The British Freedom Party

Paul Weston, a name that will be familiar to VFR readers, has recently become the head of a new political party in Britain, the British Freedom Party. Here is its website. Here is its impressive twenty point plan, the first five of which are:

  • Introduce a U.S. style First Amendment guaranteeing Free Speech.
  • Leave the profoundly undemocratic European Union.
  • Abolish the Human Rights Act, which benefits only foreign criminals/terrorists.
  • Halt any further immigration for a period of five years.
  • Deport foreign criminals, seditious dual nationality Islamists and illegal immigrants.

Here is news about British Freedom, including the transcript of Canadian TV host Michael Coren’ interview with Weston last week. And here is the interview itself.

Paul%20Weston.jpg
Paul Weston

Interestingly, Weston tells Coren that British Freedom is not a right-wing or even center-right party, but a “central” party, for all people who love Britain and want to keep it. And isn’t that the, ahem, central issue? Modern politics is dominated by left-liberals who hate our civilization, and by “conservatives” who regard our civilization as a set of abstractions. Together these two ideological factions have succeeded in making our civilization seem hateful. What defines the common core of traditionalism is an instinctive love for our civilization, a love for our respective nations and their peoples.

- end of initial entry -


John McNeil writes:

What do you think of their party manifesto?

LA replies:

I know you’re unhappy with it because it says, “Space, not race.” But it also says, “Shut the door and stop further immigration.” And to stop all immigration means to stop all nonwhite immigration. And that, combined with the strong demand (not wish) that immigrants integrate, if put in the form of policies and attitudes with teeth, will push many of the immigrants already in Britain to start leaving. As for Islam, a Britain that becomes hostile to Islam in its unassimilable forms, means a Britain that is hostile to Islam, period.
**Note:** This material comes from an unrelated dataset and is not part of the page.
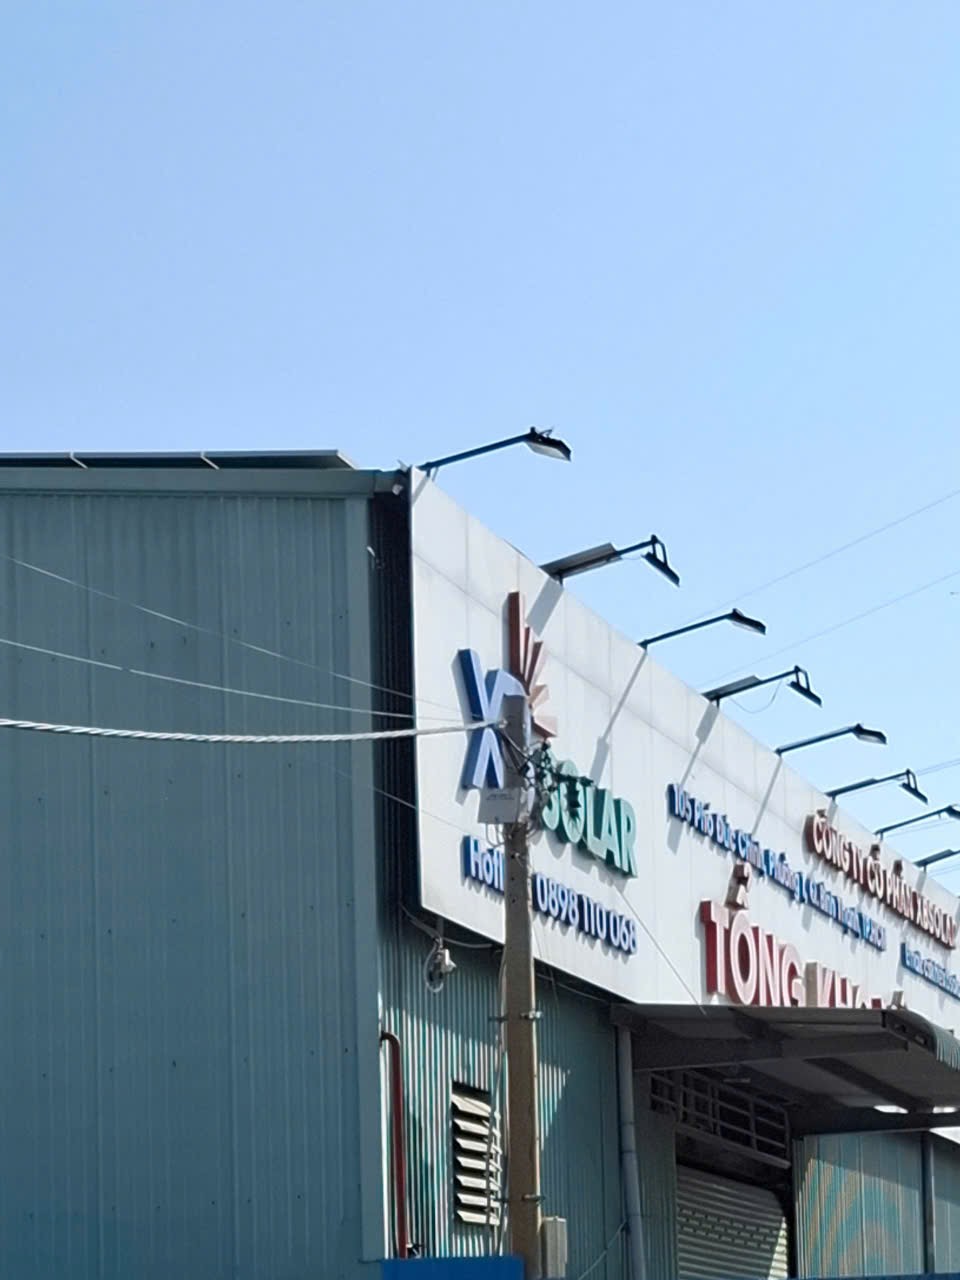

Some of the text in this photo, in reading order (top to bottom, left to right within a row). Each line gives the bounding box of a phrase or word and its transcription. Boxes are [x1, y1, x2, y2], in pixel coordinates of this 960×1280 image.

Such a Britain would cease to be a desirable place for Muslims and many of them would start to leave.

As I’ve often said in the context of U.S. immigration in general and Muslim immigration in the U.S. in particular, the key thing is to reverse current trends. If all immigration is stopped, and if a significant number of the immigrants start to leave, the result would be that the number of immigrants would be getting smaller rather than larger. Britain instead of moving steadily closer to the abyss would be moving steadily away from it. It is not a total cure all at once; it is a reversal in direction, from things getting more and more hopeless to things getting more and more hopeful. That kind of turnaround by itself could restore life and the will to live in the Western countries.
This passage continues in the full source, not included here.